Friday, March 28, 2014

Sit Happens

You know what's awesome? A dog who can sit on command. You know what's even better? A dog who sits on command the FIRST time no matter what's going around- it's magical to see this happen. 
Want to know a secret? 
   It's not magic. 

It's the product of good training technique, practice, patience and PROOFING the behavior. Proofing is the process of practicing cues/behaviors a number of times (thousands) with different levels of distractions, distance and time (it's also called generalizing in some circles). Some service organizations will require a dog to practice a cue up to 8,000 times before they are considered proficient. 
The other criteria, aside from sheer number of times of practicing the cue includes: 

-Distance (distance from you when performing the cue/behavior, like a long distance recall or down-stay)
-Duration (duration of time that the behavior is held, like a stay)
-Distractions (pretty much anything that can distract your dog)
-Speed (how long it takes the dog to perform the behavior, like how long it takes him to come to you for the recall once he starts moving to you)
-Latency (how quickly your dog responds to the cue once you give it)
-Precision (this is a bit more advanced and generally only for performance/competition- it's how accurately your dog performs the behavior, like putting a specific toy in a specific place on command)

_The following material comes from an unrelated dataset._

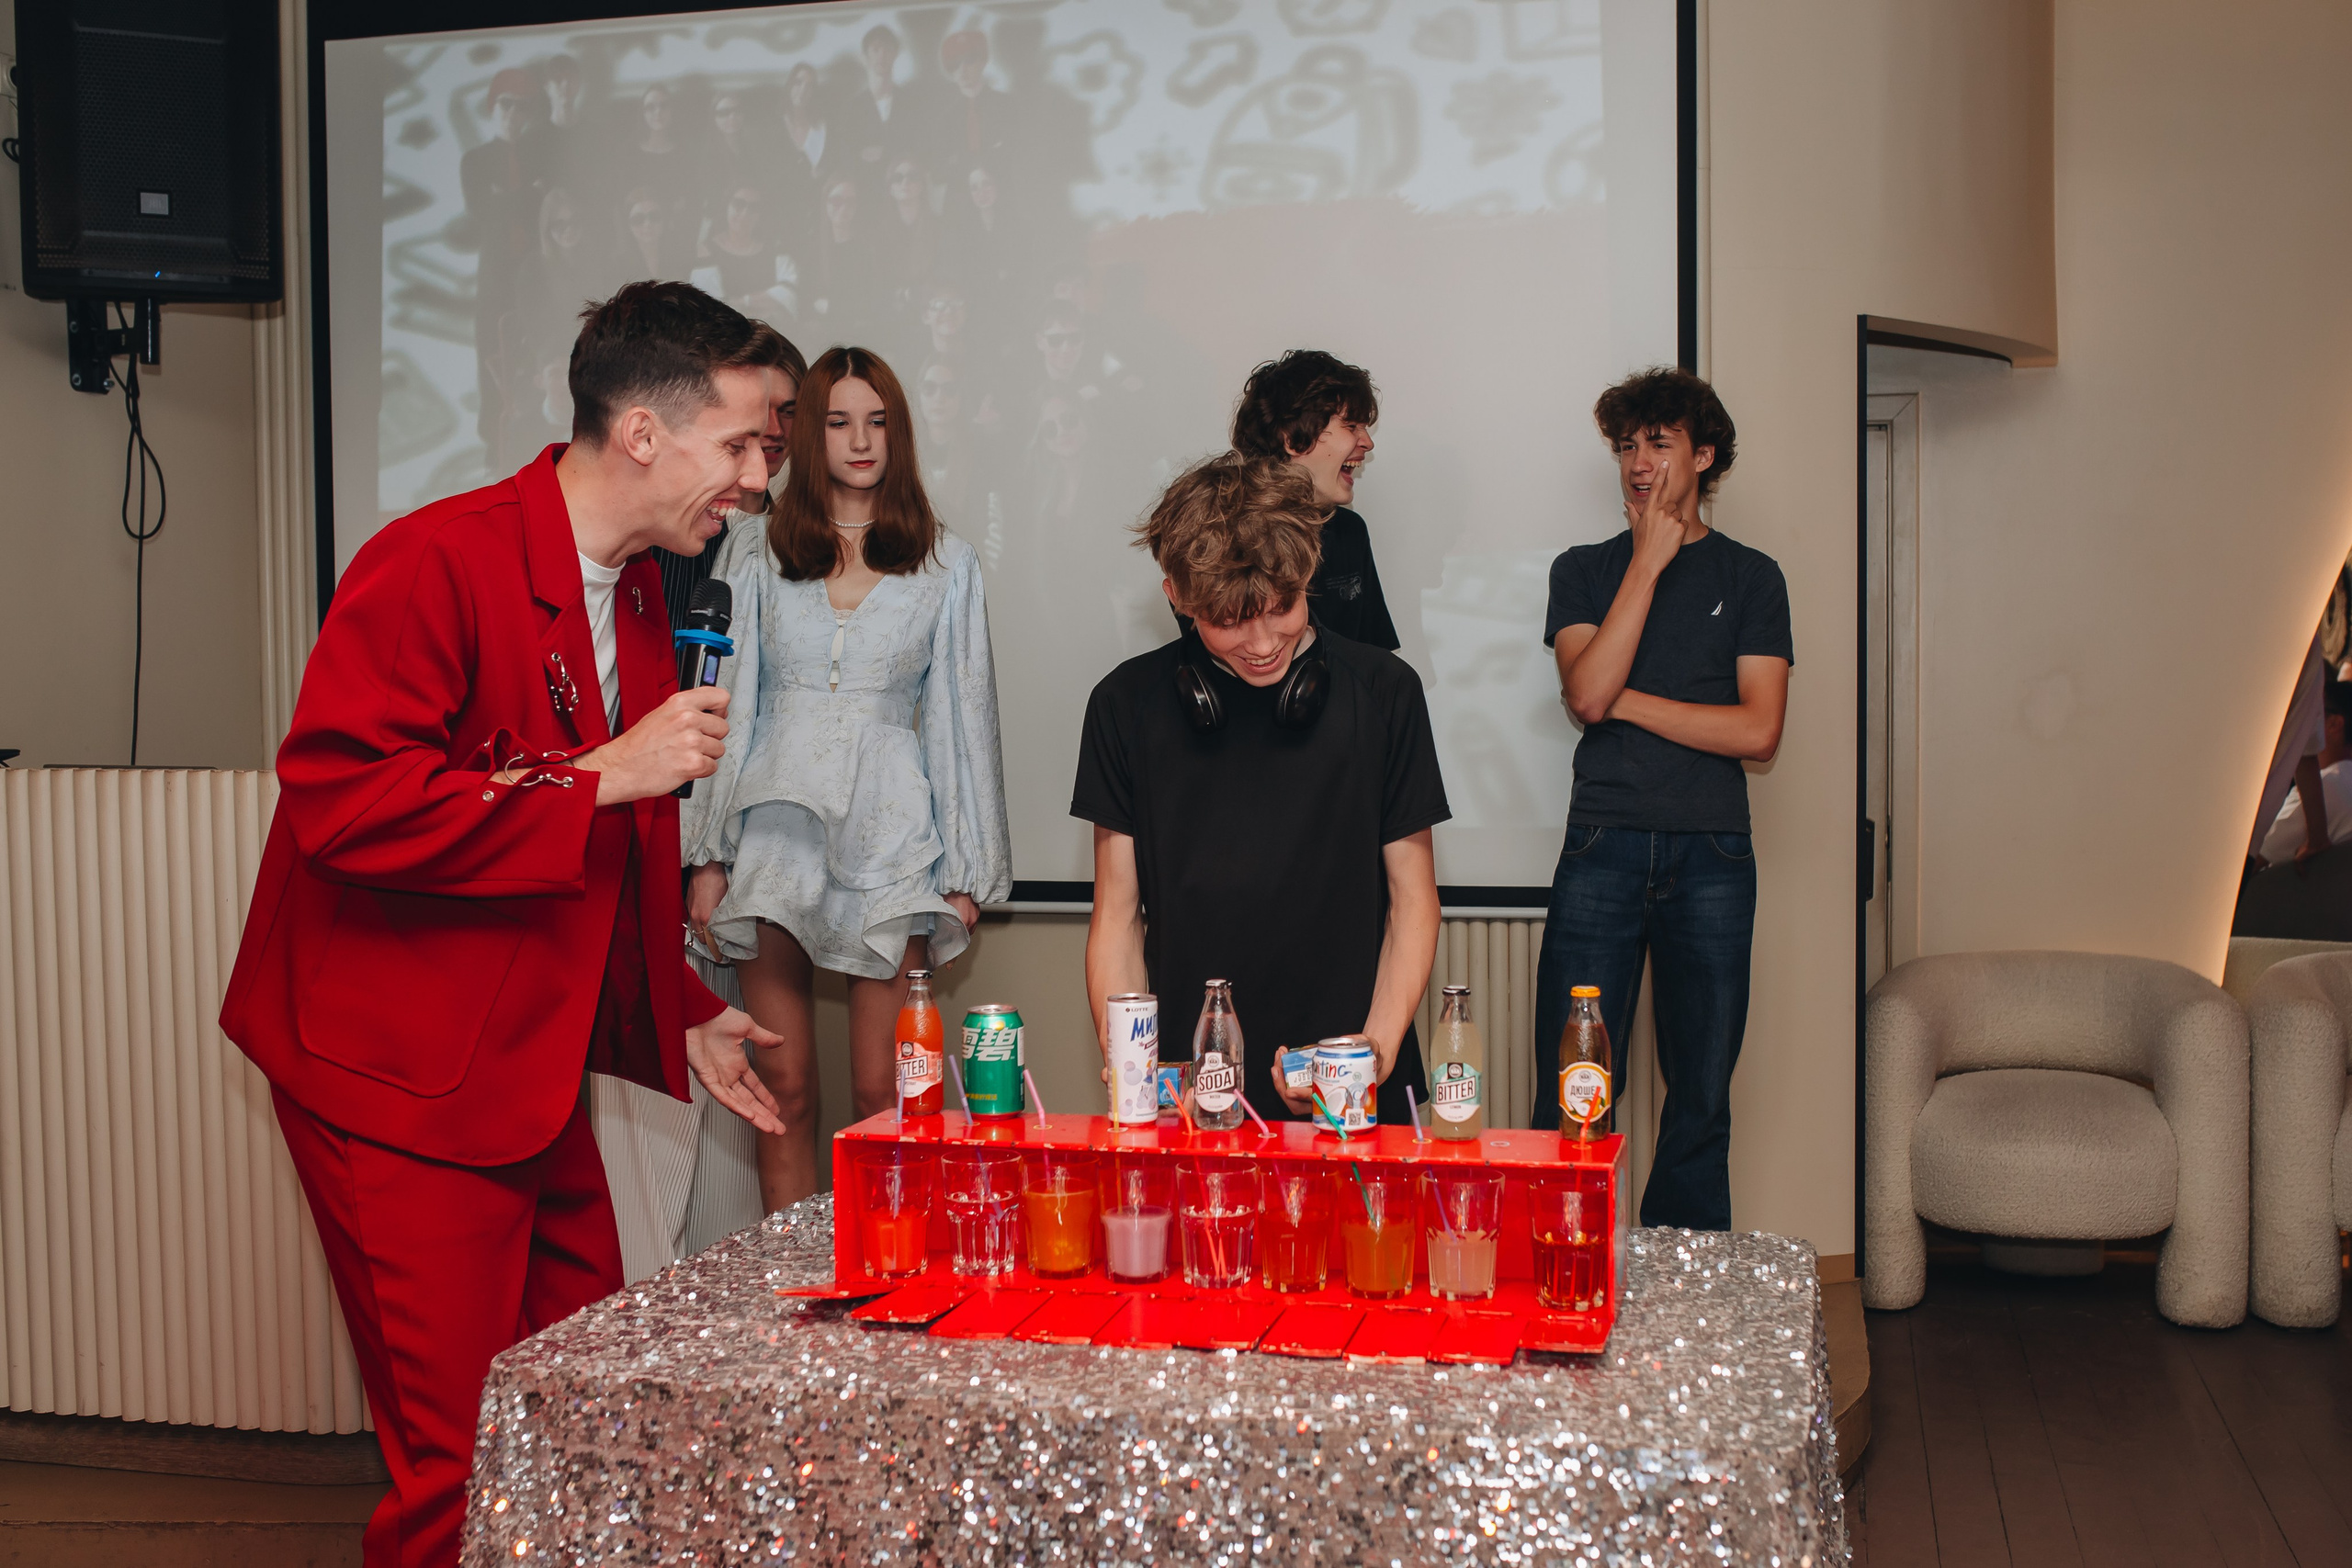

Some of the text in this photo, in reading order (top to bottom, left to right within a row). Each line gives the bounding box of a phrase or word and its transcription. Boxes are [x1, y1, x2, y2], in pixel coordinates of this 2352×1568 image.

[1199, 1071, 1232, 1091] SODA
[1438, 1080, 1474, 1101] BITTER
[1570, 1085, 1598, 1096] ДЮШЕ

How can you do this with your dog? Start with baby steps. Below are my instructions for the sit command, straight from my curriculum. 

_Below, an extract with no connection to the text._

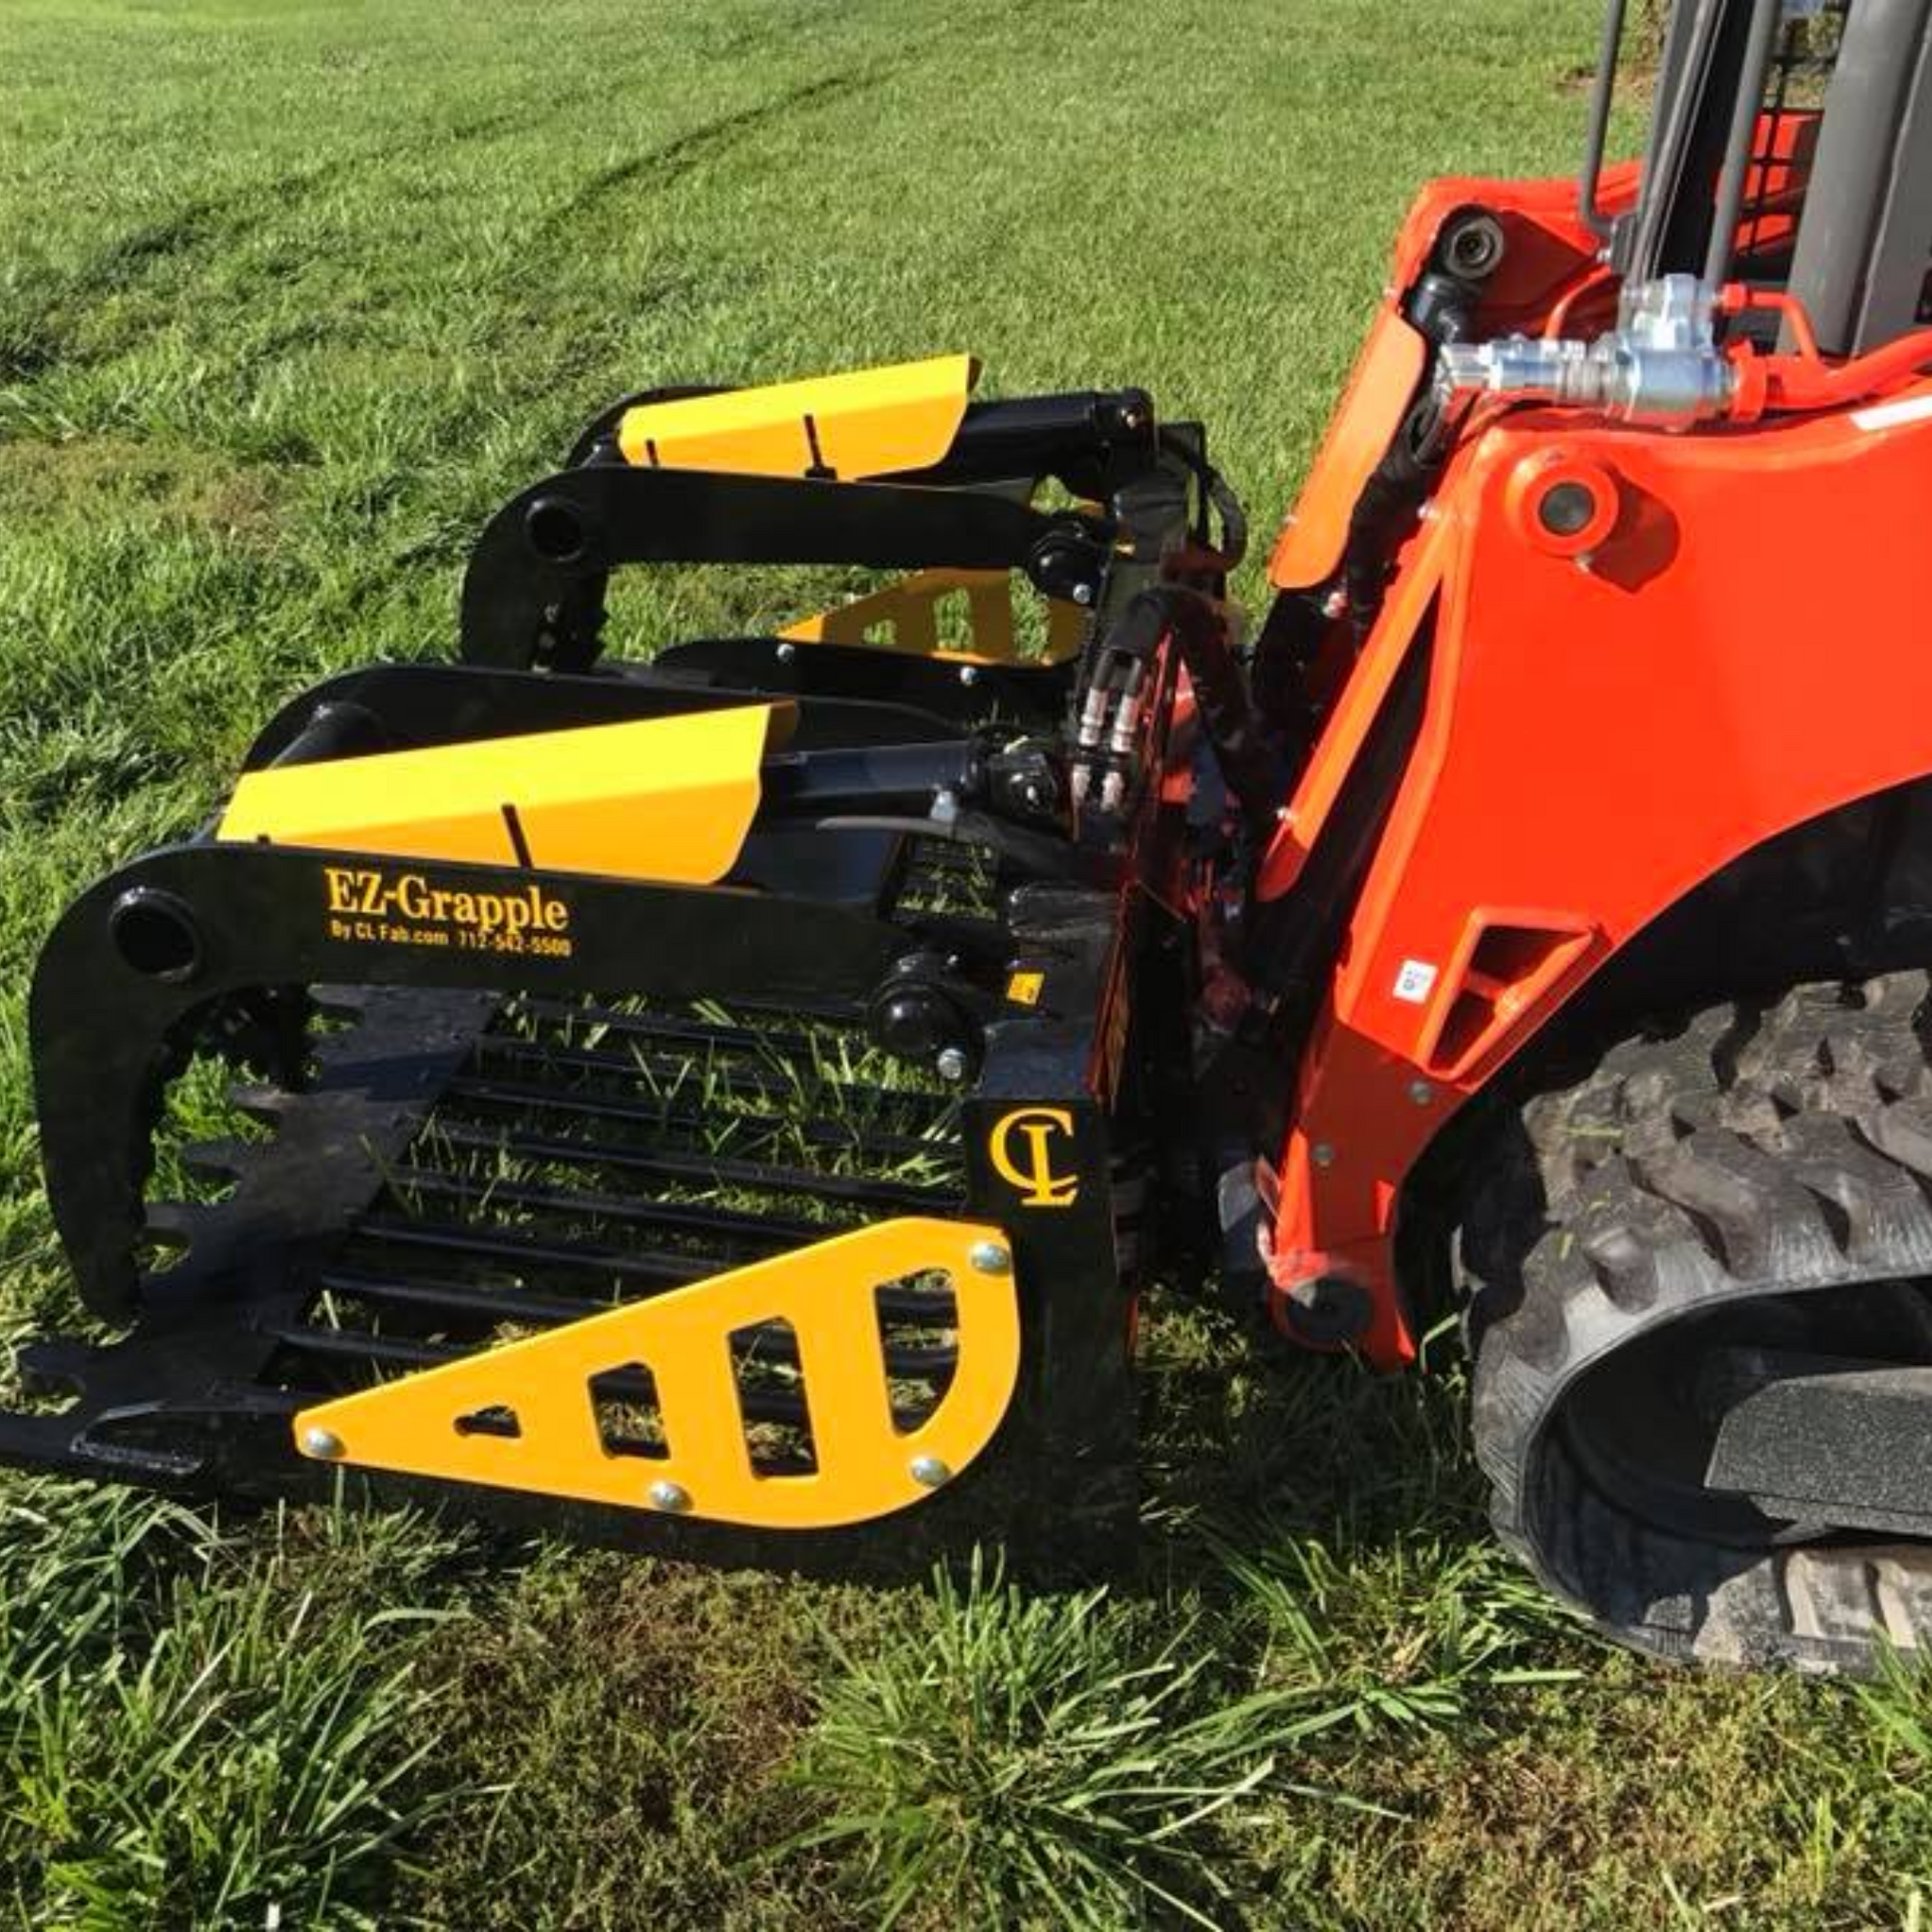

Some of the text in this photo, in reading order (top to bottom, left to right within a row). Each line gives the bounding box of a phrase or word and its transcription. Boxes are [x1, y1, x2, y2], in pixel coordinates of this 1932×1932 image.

[324, 869, 568, 934] EZ-Grapple
[331, 920, 351, 940] By
[354, 923, 376, 940] CL

The sit position is a natural behavior for the dog.. which makes teaching it easier (yay!) A sitting dog is not jumping or demanding anything from you, just waiting for whatever will come next! It is also a precursor for many more behaviors your dog will learn in time.

-pocket/pouch full of treats
-hungry dog
-leash, attached to a collar or harness
-quiet, comfortable area

  1. Bait your hand and place it in front of the dogs nose.
  2. Gradually move your hand back over the dog's head towards his/her tail.
  3. Most dogs will default to the sit at this point since it is more comfortable to follow the food lure from a sit than look around while standing ... some take a little more coaxing
  4. The instant your dog's bottom touches the ground say “sit” then click and treat.
  5. Release your dog from the sit position ('ok')

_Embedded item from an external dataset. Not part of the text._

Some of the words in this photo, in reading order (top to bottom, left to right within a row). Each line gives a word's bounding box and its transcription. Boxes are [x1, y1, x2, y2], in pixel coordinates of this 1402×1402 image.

-Move your hand up and over your dogs head so they have to look up and back to follow your baited hand and help them do default to the sit
-If your dog backs up with the lure, try next to a wall so that your dog cannot go anywhere
-Be sure to move your hand at a pace that keeps your dog's interest- too slow and they stop paying attention, too fast and they get lost
-Once your dog gets it.. make them sit for everything- breakfast, dinner, going outside, getting leash on.. this helps them to look to you for direction and to practice a little self control when there are exciting things going on!
-You can add a physical cue to this behavior once they begin to understand the verbal cue, I usually hold out my hand palm down and turn my palm up as I say “sit”
-Any time your dog is sitting at home.. give a click and treat or at least some love and attention!! The more a behavior is rewarded, the more it will be offered by your dog!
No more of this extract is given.